## Work order
Would you restate the full listing word for word and omit its pictures?

## Given information
------------------------------------------------------------------------

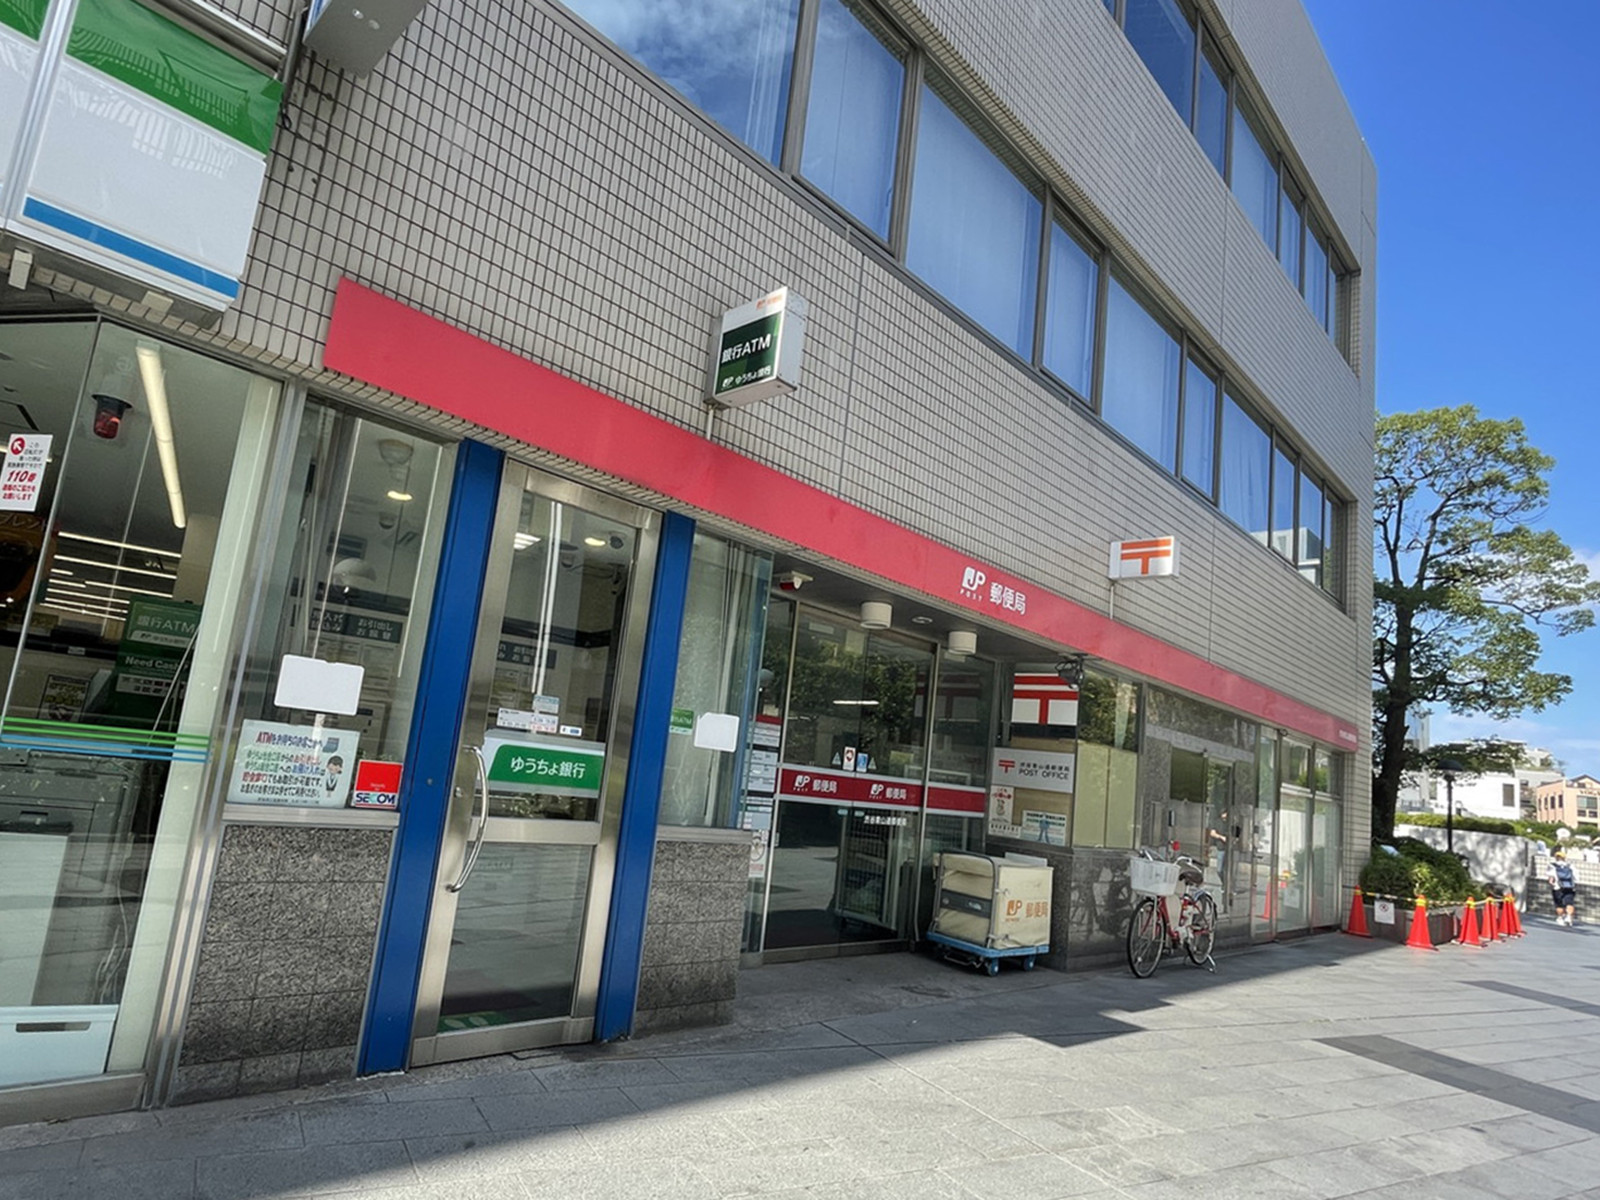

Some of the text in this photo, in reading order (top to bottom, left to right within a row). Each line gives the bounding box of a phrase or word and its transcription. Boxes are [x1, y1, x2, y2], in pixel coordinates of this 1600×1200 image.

[721, 333, 771, 364] 銀行ATM
[989, 581, 1026, 616] 郵便局
[510, 756, 586, 779] ゆうちょ銀行
[1019, 768, 1069, 780] POST OFFICE
[356, 792, 396, 805] SECOM
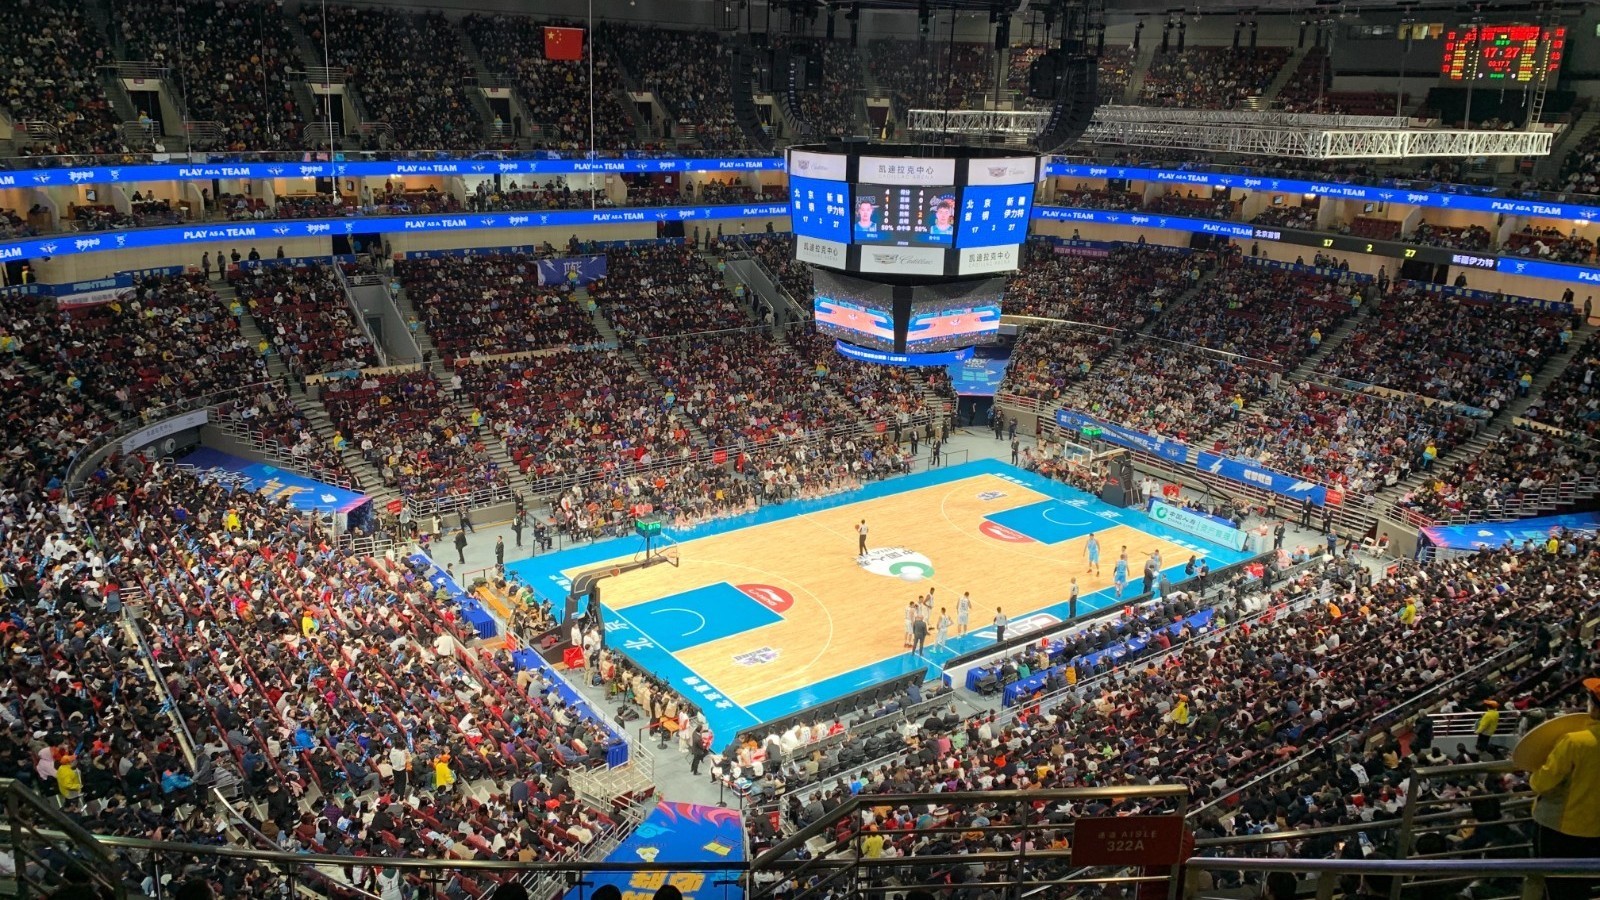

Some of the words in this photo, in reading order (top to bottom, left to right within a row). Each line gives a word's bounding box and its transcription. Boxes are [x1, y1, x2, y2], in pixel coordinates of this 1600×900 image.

------------------------------------------------------------------------

## Solution
Some of the text in this photo, in reading order (top to bottom, left to right within a row). Each line gives the bounding box of a phrase or word and its transcription. Boxes are [x1, y1, x2, y2], in pixel coordinates of this 1600×1200 image.

[721, 333, 771, 364] 銀行ATM
[989, 581, 1026, 616] 郵便局
[510, 756, 586, 779] ゆうちょ銀行
[1019, 768, 1069, 780] POST OFFICE
[356, 792, 396, 805] SECOM

Some of the words in this photo, in reading order (top to bottom, left to right within a row). Each line gives a word's bounding box and its transcription. Boxes are [x1, y1, x2, y2], in pixel coordinates of this 1600×900 image.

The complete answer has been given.